Apart from the images, every record here needs to be copied exactly.

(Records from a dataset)
..............................

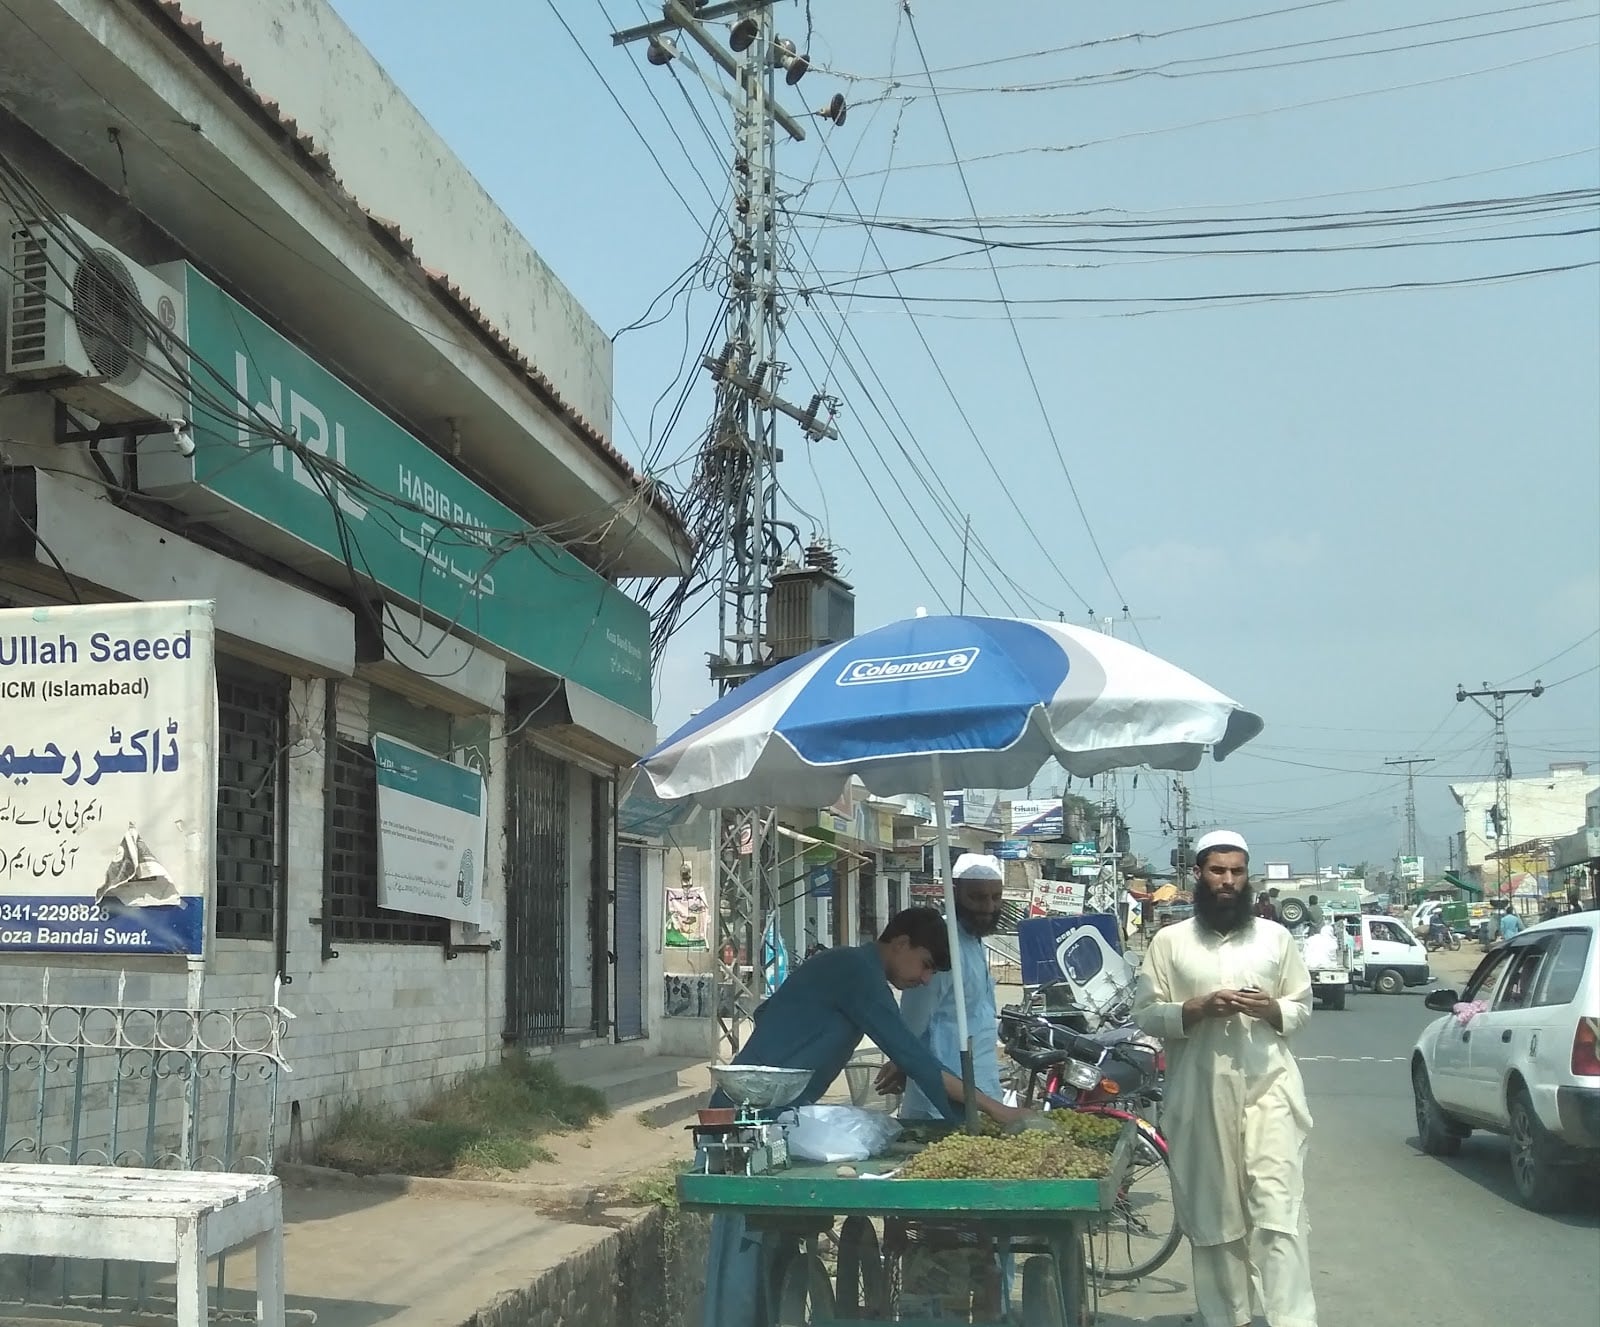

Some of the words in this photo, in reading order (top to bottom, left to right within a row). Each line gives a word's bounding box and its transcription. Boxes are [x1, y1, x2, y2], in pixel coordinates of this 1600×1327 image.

[235, 350, 369, 521] HBL
[399, 463, 451, 520] HABIB
[0, 634, 78, 666] Ullah
[90, 629, 191, 663] Saeed
[852, 660, 946, 678] Coleman
[42, 677, 149, 702] (Islamabad)
[83, 716, 180, 786] ڈاکٹر
[0, 904, 110, 922] 341-2298828
[37, 927, 99, 945] Bandai
[104, 928, 151, 945] Swat.

..............................

# Answer
Some of the words in this photo, in reading order (top to bottom, left to right within a row). Each line gives a word's bounding box and its transcription. Boxes are [x1, y1, x2, y2], in pixel coordinates of this 1600×1327 image.

[235, 350, 369, 521] HBL
[399, 463, 451, 520] HABIB
[0, 634, 78, 666] Ullah
[90, 629, 191, 663] Saeed
[852, 660, 946, 678] Coleman
[42, 677, 149, 702] (Islamabad)
[83, 716, 180, 786] ڈاکٹر
[0, 904, 110, 922] 341-2298828
[37, 927, 99, 945] Bandai
[104, 928, 151, 945] Swat.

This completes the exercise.